Class AvroUtils


  • public class AvroUtils
    extends Object
    Utils for handling Avro records
    • Method Detail

      • getPinotSchemaFromAvroSchema

        public static Schema getPinotSchemaFromAvroSchema​(org.apache.avro.Schema avroSchema,
                                                          @Nullable
                                                          Map<String,​FieldSpec.FieldType> fieldTypeMap,
                                                          @Nullable
                                                          TimeUnit timeUnit)
        Given an Avro schema, map from column to field type and time unit, return the equivalent Pinot schema.
        Parameters:
        avroSchema - Avro schema
        fieldTypeMap - Map from column to field type
        timeUnit - Time unit
        Returns:
        Pinot schema
      • getPinotSchemaFromAvroSchemaWithComplexTypeHandling

        public static Schema getPinotSchemaFromAvroSchemaWithComplexTypeHandling​(org.apache.avro.Schema avroSchema,
                                                                                 @Nullable
                                                                                 Map<String,​FieldSpec.FieldType> fieldTypeMap,
                                                                                 @Nullable
                                                                                 TimeUnit timeUnit,
                                                                                 List<String> fieldsToUnnest,
                                                                                 String delimiter,
                                                                                 ComplexTypeConfig.CollectionNotUnnestedToJson collectionNotUnnestedToJson)
        Given an Avro schema, flatten/unnest the complex types based on the config, and then map from column to field type and time unit, return the equivalent Pinot schema.
        Parameters:
        avroSchema - Avro schema
        fieldTypeMap - Map from column to field type
        timeUnit - Time unit
        fieldsToUnnest - the fields to unnest
        delimiter - the delimiter to separate components in nested structure
        collectionNotUnnestedToJson - the mode of converting collection to JSON
        Returns:
        Pinot schema
      • getPinotSchemaFromAvroDataFile

        public static Schema getPinotSchemaFromAvroDataFile​(File avroDataFile,
                                                            @Nullable
                                                            Map<String,​FieldSpec.FieldType> fieldTypeMap,
                                                            @Nullable
                                                            TimeUnit timeUnit)
                                                     throws IOException
        Given an Avro data file, map from column to field type and time unit, return the equivalent Pinot schema.
        Parameters:
        avroDataFile - Avro data file
        fieldTypeMap - Map from column to field type
        timeUnit - Time unit
        Returns:
        Pinot schema
        Throws:
        IOException
      • getPinotSchemaFromAvroDataFile

        public static Schema getPinotSchemaFromAvroDataFile​(File avroDataFile)
                                                     throws IOException
        Given an Avro data file, count all columns as dimension and return the equivalent Pinot schema.

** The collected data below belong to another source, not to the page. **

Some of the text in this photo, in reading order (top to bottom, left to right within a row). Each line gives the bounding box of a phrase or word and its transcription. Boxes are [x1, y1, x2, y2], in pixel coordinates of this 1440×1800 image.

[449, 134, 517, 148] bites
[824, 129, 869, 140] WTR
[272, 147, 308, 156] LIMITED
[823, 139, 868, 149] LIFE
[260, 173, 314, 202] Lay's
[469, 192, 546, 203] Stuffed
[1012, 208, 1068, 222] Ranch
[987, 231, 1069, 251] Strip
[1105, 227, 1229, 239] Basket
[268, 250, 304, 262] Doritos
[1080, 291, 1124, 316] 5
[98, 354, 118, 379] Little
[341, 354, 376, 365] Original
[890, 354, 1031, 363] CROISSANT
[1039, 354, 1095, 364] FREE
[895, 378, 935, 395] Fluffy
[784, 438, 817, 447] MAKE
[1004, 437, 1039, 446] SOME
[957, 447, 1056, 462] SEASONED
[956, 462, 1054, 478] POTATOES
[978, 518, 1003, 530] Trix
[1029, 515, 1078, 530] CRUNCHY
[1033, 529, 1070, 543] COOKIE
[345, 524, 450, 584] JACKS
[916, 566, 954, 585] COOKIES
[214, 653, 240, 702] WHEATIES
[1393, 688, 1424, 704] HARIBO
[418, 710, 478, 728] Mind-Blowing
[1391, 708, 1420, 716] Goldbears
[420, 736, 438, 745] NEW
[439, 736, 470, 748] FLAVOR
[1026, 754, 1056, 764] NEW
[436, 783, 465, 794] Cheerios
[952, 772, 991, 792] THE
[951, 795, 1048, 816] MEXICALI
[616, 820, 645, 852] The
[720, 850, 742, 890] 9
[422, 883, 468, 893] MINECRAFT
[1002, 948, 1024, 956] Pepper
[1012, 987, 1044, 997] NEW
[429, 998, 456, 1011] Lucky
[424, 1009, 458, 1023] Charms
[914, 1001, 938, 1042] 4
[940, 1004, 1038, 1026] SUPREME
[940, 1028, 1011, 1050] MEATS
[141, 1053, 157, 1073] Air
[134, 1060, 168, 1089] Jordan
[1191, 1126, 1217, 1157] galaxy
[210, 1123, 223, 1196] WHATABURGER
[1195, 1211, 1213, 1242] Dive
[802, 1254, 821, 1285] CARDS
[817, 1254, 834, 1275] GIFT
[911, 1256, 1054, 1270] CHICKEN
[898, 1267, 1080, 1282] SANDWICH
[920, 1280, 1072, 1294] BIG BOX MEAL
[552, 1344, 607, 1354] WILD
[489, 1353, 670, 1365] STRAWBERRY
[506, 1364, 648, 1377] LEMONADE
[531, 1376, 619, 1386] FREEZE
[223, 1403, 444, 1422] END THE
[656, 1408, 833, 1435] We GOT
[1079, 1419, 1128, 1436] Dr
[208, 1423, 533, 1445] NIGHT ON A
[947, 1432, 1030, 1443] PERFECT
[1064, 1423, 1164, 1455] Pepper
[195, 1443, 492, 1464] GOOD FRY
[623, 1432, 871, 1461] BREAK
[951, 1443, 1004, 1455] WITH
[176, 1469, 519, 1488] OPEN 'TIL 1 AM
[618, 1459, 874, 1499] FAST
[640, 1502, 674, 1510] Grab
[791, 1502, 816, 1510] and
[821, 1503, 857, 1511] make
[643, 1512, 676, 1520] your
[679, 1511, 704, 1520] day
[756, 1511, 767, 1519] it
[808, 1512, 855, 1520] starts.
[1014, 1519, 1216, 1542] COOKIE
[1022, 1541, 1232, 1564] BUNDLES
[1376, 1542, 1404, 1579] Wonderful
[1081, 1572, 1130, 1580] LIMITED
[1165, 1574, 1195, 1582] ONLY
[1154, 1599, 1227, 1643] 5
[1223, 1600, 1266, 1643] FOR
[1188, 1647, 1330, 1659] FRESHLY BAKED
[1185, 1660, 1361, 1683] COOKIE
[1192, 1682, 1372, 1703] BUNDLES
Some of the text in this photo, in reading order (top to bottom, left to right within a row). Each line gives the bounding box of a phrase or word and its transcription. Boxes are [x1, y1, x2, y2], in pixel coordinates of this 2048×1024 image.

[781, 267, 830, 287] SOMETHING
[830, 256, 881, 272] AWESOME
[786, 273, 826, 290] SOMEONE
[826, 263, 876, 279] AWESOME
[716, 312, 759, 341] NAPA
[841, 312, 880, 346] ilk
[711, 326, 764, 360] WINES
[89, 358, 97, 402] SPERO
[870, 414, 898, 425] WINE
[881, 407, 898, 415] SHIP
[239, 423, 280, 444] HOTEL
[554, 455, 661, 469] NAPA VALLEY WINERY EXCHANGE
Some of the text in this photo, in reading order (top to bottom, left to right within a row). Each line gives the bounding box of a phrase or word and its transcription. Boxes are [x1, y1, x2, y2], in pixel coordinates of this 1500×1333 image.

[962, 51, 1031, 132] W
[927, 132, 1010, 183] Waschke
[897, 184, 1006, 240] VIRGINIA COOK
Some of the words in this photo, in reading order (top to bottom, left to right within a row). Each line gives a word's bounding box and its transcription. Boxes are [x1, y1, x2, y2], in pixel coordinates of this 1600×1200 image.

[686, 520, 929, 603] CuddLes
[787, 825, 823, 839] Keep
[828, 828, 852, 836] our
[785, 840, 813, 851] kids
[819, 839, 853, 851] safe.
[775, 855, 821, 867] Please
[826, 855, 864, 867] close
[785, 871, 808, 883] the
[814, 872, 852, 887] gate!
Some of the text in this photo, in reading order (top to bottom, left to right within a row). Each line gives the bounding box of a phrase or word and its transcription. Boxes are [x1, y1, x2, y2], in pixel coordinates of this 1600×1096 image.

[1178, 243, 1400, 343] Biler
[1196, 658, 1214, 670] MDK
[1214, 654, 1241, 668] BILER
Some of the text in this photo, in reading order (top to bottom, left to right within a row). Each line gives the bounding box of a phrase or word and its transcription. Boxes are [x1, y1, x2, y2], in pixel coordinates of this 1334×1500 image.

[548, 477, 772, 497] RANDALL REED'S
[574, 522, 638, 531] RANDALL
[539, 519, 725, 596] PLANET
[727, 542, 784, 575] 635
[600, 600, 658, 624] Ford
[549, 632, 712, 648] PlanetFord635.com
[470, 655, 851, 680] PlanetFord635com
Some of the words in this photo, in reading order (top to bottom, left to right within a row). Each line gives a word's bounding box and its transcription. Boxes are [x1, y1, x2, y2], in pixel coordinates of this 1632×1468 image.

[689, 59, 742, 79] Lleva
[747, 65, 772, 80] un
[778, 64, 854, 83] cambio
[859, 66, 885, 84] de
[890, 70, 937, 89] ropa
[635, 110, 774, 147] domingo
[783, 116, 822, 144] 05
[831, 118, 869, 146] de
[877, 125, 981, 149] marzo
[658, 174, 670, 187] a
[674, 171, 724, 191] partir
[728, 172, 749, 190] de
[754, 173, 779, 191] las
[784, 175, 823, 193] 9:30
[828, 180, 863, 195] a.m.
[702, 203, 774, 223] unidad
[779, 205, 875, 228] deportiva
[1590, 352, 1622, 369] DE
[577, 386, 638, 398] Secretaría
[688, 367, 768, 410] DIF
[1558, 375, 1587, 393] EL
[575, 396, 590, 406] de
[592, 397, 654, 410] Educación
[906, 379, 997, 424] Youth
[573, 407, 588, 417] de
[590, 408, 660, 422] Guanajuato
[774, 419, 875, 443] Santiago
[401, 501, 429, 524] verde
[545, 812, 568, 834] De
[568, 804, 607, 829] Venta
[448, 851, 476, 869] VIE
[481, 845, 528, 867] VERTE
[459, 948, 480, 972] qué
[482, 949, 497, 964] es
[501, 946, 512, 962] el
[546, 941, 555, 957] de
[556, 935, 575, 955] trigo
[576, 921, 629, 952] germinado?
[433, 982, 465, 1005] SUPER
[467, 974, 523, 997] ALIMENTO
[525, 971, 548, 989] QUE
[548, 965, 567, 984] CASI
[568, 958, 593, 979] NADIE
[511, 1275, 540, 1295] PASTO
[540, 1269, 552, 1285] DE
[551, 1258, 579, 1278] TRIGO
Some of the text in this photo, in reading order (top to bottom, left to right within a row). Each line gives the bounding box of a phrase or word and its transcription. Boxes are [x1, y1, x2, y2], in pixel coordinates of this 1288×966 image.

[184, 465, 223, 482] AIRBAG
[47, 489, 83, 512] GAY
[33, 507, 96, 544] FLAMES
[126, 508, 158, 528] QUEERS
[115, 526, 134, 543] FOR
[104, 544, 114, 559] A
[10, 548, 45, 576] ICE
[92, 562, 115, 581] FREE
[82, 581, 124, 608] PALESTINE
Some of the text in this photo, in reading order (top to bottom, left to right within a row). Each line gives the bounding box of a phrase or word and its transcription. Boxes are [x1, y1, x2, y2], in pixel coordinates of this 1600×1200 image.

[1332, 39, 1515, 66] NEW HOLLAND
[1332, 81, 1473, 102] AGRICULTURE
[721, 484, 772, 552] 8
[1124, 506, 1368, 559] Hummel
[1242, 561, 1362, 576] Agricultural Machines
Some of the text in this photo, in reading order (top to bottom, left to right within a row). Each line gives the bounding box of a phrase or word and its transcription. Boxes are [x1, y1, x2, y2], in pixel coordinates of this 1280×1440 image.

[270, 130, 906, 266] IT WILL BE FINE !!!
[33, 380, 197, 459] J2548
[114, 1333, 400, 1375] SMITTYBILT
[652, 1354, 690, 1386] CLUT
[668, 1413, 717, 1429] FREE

        Should be used for testing purpose only.

        Parameters:
        avroDataFile - Avro data file
        Returns:
        Pinot schema
        Throws:
        IOException
      • getPinotSchemaFromAvroSchemaFile

        public static Schema getPinotSchemaFromAvroSchemaFile​(File avroSchemaFile,
                                                              @Nullable
                                                              Map<String,​FieldSpec.FieldType> fieldTypeMap,
                                                              @Nullable
                                                              TimeUnit timeUnit,
                                                              boolean complexType,
                                                              List<String> fieldsToUnnest,
                                                              String delimiter,
                                                              ComplexTypeConfig.CollectionNotUnnestedToJson collectionNotUnnestedToJson)
                                                       throws IOException
        Given an Avro schema file, map from column to field type and time unit, return the equivalent Pinot schema.
        Parameters:
        avroSchemaFile - Avro schema file
        fieldTypeMap - Map from column to field type
        timeUnit - Time unit
        complexType - if allows complex-type handling
        fieldsToUnnest - the fields to unnest
        delimiter - the delimiter separating components in nested structure
        collectionNotUnnestedToJson - to mode of converting collection to JSON string
        Returns:
        Pinot schema
        Throws:
        IOException
      • getAvroSchemaFromPinotSchema

        public static org.apache.avro.Schema getAvroSchemaFromPinotSchema​(Schema pinotSchema)
        Helper method to build Avro schema from Pinot schema.
        Parameters:
        pinotSchema - Pinot schema.
        Returns:
        Avro schema.
      • getAvroReader

        public static org.apache.avro.file.DataFileStream<org.apache.avro.generic.GenericRecord> getAvroReader​(File avroFile)
                                                                                                        throws IOException
        Get the Avro file reader for the given file.
        Throws:
        IOException
      • isSingleValueField

        public static boolean isSingleValueField​(org.apache.avro.Schema.Field field)
        Return whether the Avro field is a single-value field.
      • extractFieldDataType

        public static FieldSpec.DataType extractFieldDataType​(org.apache.avro.Schema.Field field)
        Extract the data type stored in Pinot for the given Avro field.